▶ _INPUT MATERIAL_
____________________

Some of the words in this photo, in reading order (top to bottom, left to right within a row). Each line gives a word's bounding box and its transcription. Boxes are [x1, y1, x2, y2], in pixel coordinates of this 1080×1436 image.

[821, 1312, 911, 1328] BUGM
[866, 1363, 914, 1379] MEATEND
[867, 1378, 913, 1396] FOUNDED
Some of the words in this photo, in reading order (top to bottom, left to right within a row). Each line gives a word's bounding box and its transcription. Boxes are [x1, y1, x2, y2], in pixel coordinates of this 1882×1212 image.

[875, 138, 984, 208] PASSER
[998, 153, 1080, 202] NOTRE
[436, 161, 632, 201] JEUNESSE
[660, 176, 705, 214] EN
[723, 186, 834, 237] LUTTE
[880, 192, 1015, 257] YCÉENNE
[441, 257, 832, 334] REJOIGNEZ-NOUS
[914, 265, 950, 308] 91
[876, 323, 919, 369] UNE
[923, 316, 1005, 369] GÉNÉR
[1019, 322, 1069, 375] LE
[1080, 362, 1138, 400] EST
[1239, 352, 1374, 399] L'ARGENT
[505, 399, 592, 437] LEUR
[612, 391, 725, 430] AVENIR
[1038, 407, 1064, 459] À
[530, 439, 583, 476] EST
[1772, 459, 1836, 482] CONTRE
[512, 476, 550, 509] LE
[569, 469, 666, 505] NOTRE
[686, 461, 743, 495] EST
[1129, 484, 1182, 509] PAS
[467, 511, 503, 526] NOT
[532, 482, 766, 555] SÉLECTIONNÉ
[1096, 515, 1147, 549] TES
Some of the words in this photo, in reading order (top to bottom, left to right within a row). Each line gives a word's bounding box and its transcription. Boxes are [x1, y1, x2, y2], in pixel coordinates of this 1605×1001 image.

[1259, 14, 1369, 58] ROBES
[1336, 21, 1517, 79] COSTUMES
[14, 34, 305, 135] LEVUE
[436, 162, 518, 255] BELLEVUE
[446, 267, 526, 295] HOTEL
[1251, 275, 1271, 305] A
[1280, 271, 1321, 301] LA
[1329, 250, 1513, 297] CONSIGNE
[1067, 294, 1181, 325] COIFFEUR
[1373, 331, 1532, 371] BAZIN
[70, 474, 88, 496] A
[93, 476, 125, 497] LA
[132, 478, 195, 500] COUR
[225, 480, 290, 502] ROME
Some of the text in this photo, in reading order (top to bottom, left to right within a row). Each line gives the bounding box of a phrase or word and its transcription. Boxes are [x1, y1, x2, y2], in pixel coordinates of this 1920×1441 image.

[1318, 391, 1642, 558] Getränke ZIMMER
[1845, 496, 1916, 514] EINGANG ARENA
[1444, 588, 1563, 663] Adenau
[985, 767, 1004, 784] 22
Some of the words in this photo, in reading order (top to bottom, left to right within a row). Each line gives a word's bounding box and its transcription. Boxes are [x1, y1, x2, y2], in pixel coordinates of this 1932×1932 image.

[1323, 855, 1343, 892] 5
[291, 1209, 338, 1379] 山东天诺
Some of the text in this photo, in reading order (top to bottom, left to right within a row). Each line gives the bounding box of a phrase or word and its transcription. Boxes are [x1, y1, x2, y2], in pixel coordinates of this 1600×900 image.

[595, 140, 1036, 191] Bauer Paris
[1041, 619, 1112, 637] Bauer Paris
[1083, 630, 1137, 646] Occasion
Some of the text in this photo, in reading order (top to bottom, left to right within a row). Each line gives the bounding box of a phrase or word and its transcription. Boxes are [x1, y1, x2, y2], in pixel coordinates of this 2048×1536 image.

____________________

▶ _WORK INSTRUCTION_
Produce a verbatim copy of each record above.

▶ _SOLUTION TO THIS EXERCISE_
Some of the words in this photo, in reading order (top to bottom, left to right within a row). Each line gives a word's bounding box and its transcription. Boxes are [x1, y1, x2, y2], in pixel coordinates of this 1080×1436 image.

[821, 1312, 911, 1328] BUGM
[866, 1363, 914, 1379] MEATEND
[867, 1378, 913, 1396] FOUNDED
Some of the words in this photo, in reading order (top to bottom, left to right within a row). Each line gives a word's bounding box and its transcription. Boxes are [x1, y1, x2, y2], in pixel coordinates of this 1882×1212 image.

[875, 138, 984, 208] PASSER
[998, 153, 1080, 202] NOTRE
[436, 161, 632, 201] JEUNESSE
[660, 176, 705, 214] EN
[723, 186, 834, 237] LUTTE
[880, 192, 1015, 257] YCÉENNE
[441, 257, 832, 334] REJOIGNEZ-NOUS
[914, 265, 950, 308] 91
[876, 323, 919, 369] UNE
[923, 316, 1005, 369] GÉNÉR
[1019, 322, 1069, 375] LE
[1080, 362, 1138, 400] EST
[1239, 352, 1374, 399] L'ARGENT
[505, 399, 592, 437] LEUR
[612, 391, 725, 430] AVENIR
[1038, 407, 1064, 459] À
[530, 439, 583, 476] EST
[1772, 459, 1836, 482] CONTRE
[512, 476, 550, 509] LE
[569, 469, 666, 505] NOTRE
[686, 461, 743, 495] EST
[1129, 484, 1182, 509] PAS
[467, 511, 503, 526] NOT
[532, 482, 766, 555] SÉLECTIONNÉ
[1096, 515, 1147, 549] TES
Some of the words in this photo, in reading order (top to bottom, left to right within a row). Each line gives a word's bounding box and its transcription. Boxes are [x1, y1, x2, y2], in pixel coordinates of this 1605×1001 image.

[1259, 14, 1369, 58] ROBES
[1336, 21, 1517, 79] COSTUMES
[14, 34, 305, 135] LEVUE
[436, 162, 518, 255] BELLEVUE
[446, 267, 526, 295] HOTEL
[1251, 275, 1271, 305] A
[1280, 271, 1321, 301] LA
[1329, 250, 1513, 297] CONSIGNE
[1067, 294, 1181, 325] COIFFEUR
[1373, 331, 1532, 371] BAZIN
[70, 474, 88, 496] A
[93, 476, 125, 497] LA
[132, 478, 195, 500] COUR
[225, 480, 290, 502] ROME
Some of the text in this photo, in reading order (top to bottom, left to right within a row). Each line gives the bounding box of a phrase or word and its transcription. Boxes are [x1, y1, x2, y2], in pixel coordinates of this 1920×1441 image.

[1318, 391, 1642, 558] Getränke ZIMMER
[1845, 496, 1916, 514] EINGANG ARENA
[1444, 588, 1563, 663] Adenau
[985, 767, 1004, 784] 22
Some of the words in this photo, in reading order (top to bottom, left to right within a row). Each line gives a word's bounding box and its transcription. Boxes are [x1, y1, x2, y2], in pixel coordinates of this 1932×1932 image.

[1323, 855, 1343, 892] 5
[291, 1209, 338, 1379] 山东天诺
Some of the text in this photo, in reading order (top to bottom, left to right within a row). Each line gives the bounding box of a phrase or word and its transcription. Boxes are [x1, y1, x2, y2], in pixel coordinates of this 1600×900 image.

[595, 140, 1036, 191] Bauer Paris
[1041, 619, 1112, 637] Bauer Paris
[1083, 630, 1137, 646] Occasion
Some of the text in this photo, in reading order (top to bottom, left to right within a row). Each line gives the bounding box of a phrase or word and its transcription. Boxes are [x1, y1, x2, y2], in pixel coordinates of this 2048×1536 image.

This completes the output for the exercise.